Welcome to Laurel County, Kentucky, where Auditor Mike Harmon recently spoke at the London-Laurel County Chamber of Commerce on March 21, 2019. Harmon addressed the work of his office in increasing transparency and accountability at both the state and local levels.
Harmon began his speech by sharing a humorous anecdote about a recent incident he encountered during heavy rains. He ended up driving into high water and had to abandon his car, spending the night without shoes. Despite the mishap, he emphasized his dedication to his work and thanked Representative John Blanton for accommodating him at a nearby bed and breakfast.
As the Kentucky State Auditor, Harmon’s office conducts over 600 audits per year, including examinations of county sheriffs, clerks, fiscal courts, and special exams. One significant audit carried out by his office focused on Kentucky Wire, an agency responsible for building a middle-mile fiber optic internet network to connect all 120 counties in the state.
Originally, Kentucky Wire was intended to be a public-private partnership, with most of the project funding coming from the private sector. However, the audit revealed that the project is nearly $100 million over budget and is already about two and a half years behind schedule. Taxpayers are still paying for a network that is not yet available.

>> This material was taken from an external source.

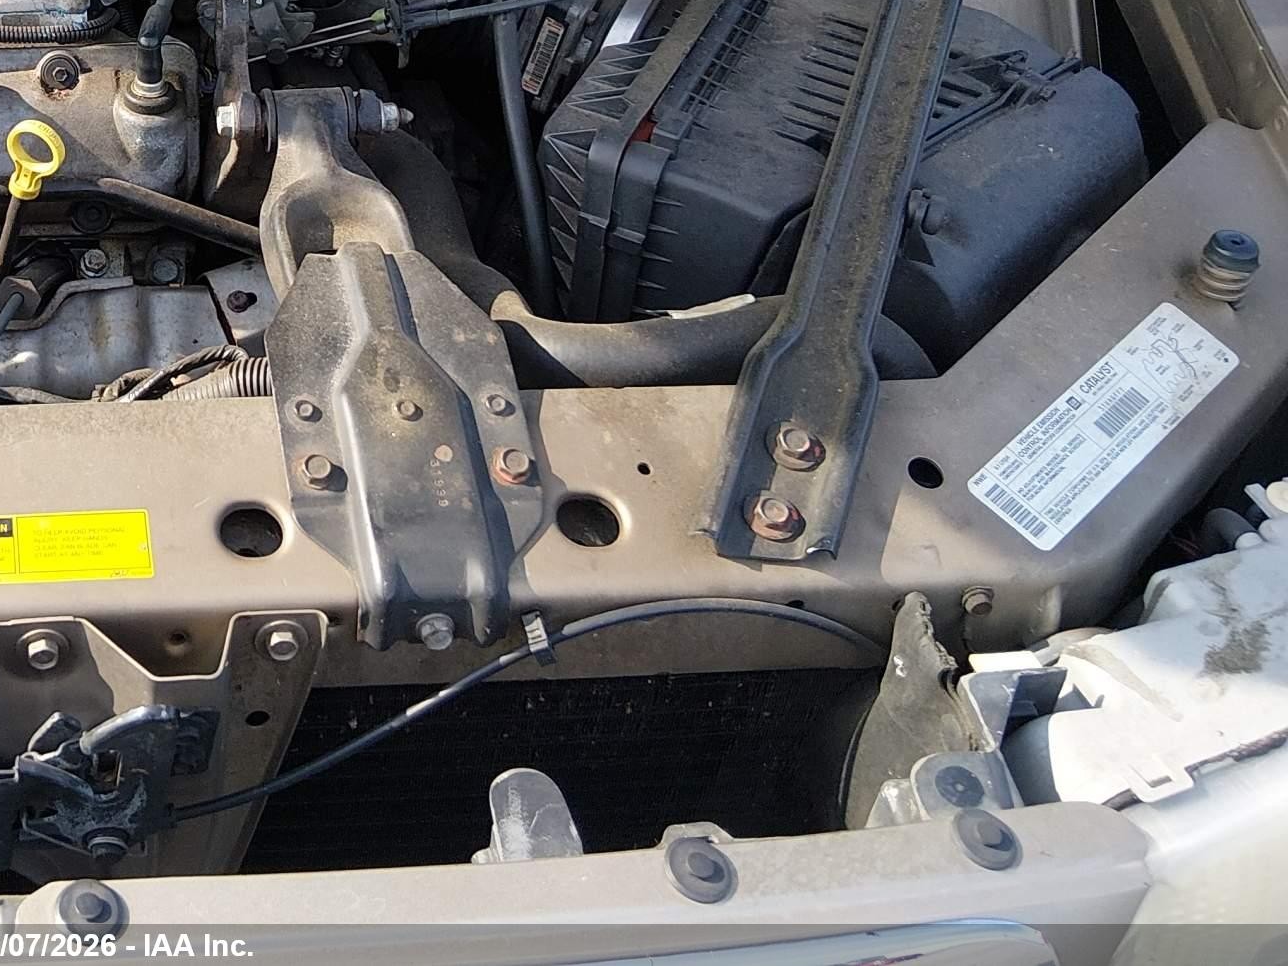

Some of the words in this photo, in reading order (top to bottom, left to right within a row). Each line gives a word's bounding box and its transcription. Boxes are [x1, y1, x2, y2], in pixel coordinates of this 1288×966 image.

What is most troubling about the Kentucky Wire project is the decision to flip the script, shifting the burden of funding and construction from the private sector to taxpayers. The original plan included appropriations from Congressman Rogers and the state, but the project agreements changed the dynamics. Instead of private investors, a non-profit entity called Quick Kentucky Wired Infrastructure Company issued tax-exempt financing for the project. This decision tied the project to taxpayers’ credit rating, increasing the financial burden on them.

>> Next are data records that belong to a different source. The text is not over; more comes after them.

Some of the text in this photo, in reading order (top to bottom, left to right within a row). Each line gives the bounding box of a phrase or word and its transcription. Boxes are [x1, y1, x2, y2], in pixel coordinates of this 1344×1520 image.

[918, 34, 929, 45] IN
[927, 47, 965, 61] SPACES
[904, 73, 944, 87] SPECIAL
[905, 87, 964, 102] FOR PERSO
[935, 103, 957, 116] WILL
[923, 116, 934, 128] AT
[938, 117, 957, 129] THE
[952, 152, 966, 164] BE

Furthermore, taxpayers were misled about the revenue streams that were intended to finance the network, particularly regarding Kentucky’s K-12 schools. It was anticipated that these schools would transition to Kentucky Wire for broadband internet services, with funding coming from the federal E-Rate program. However, it was discovered that Kentucky Wire was not eligible for E-Rate funding due to conflicts of interest and insider preferences within the procurement process.

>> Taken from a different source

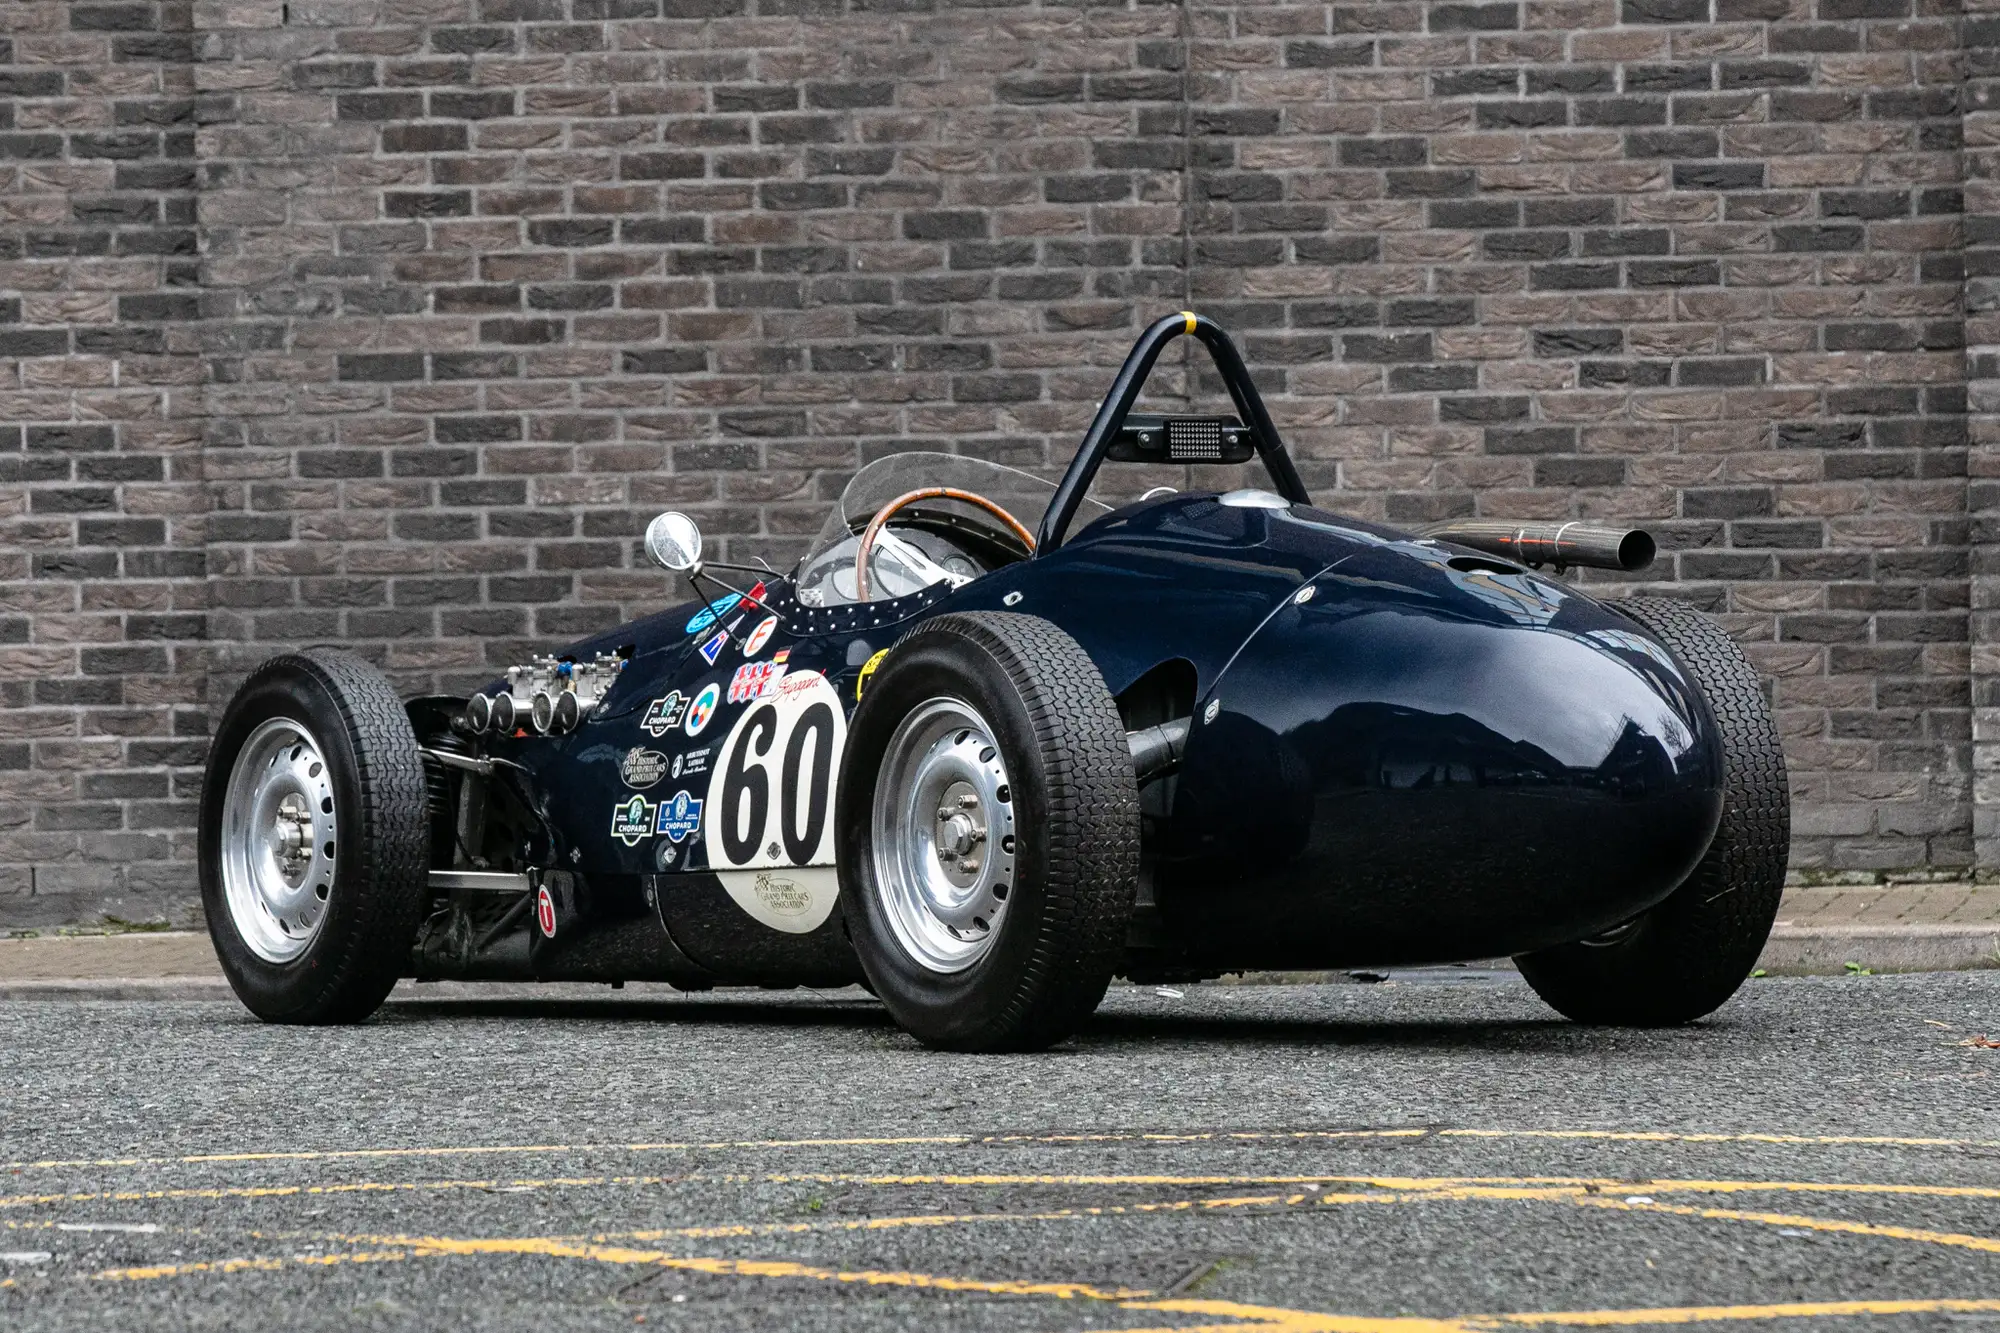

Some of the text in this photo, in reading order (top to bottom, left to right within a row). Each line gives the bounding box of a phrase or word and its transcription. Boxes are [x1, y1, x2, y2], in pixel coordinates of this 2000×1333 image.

The loss of funding from K-12 schools, which accounted for 45% of the project’s financing, significantly increases the financial burden on taxpayers. In light of these challenges, Harmon has proposed alternative scenarios for moving the project forward. He suggested partnering with utilities, telephone companies, and cooperatives to rebuild the fiber internet system.
Harmon highlighted neighboring states, such as West Virginia, Virginia, and Mississippi, which have pursued similar strategies for their broadband projects. He believes there is no reason why Kentucky cannot adopt the same concept and utilize local companies to complete the project efficiently.
In conclusion, Auditor Mike Harmon’s speech underscored the importance of transparency and accountability in government projects. He shed light on the issues surrounding Kentucky Wire, emphasizing the need for responsible management of taxpayer funds. Moving forward, he hopes to find innovative solutions to complete the project and ensure that the citizens of Laurel County and all of Kentucky have access to reliable and affordable broadband internet services.
To learn more about Auditor Mike Harmon’s special examination of Kentucky Wire, you can review the full report on his office’s website. Stay tuned for updates on how Laurel County and the state of Kentucky address the challenges and opportunities related to this crucial infrastructure project.
Keywords: Auditor Harmon, London-Laurel County Chamber of Commerce, transparency, accountability, Kentucky, Kentucky Wire, state auditor, special examination, middle-mile fiber optic network, public-private partnership, taxpayers, funding, construction, private sector, tax-exempt financing, E-Rate funding, K-12 schools, broadband internet services, alternative scenarios, utilities, telecommunications companies, cooperatives, neighboring states, responsible management, Laurel County, Kentucky.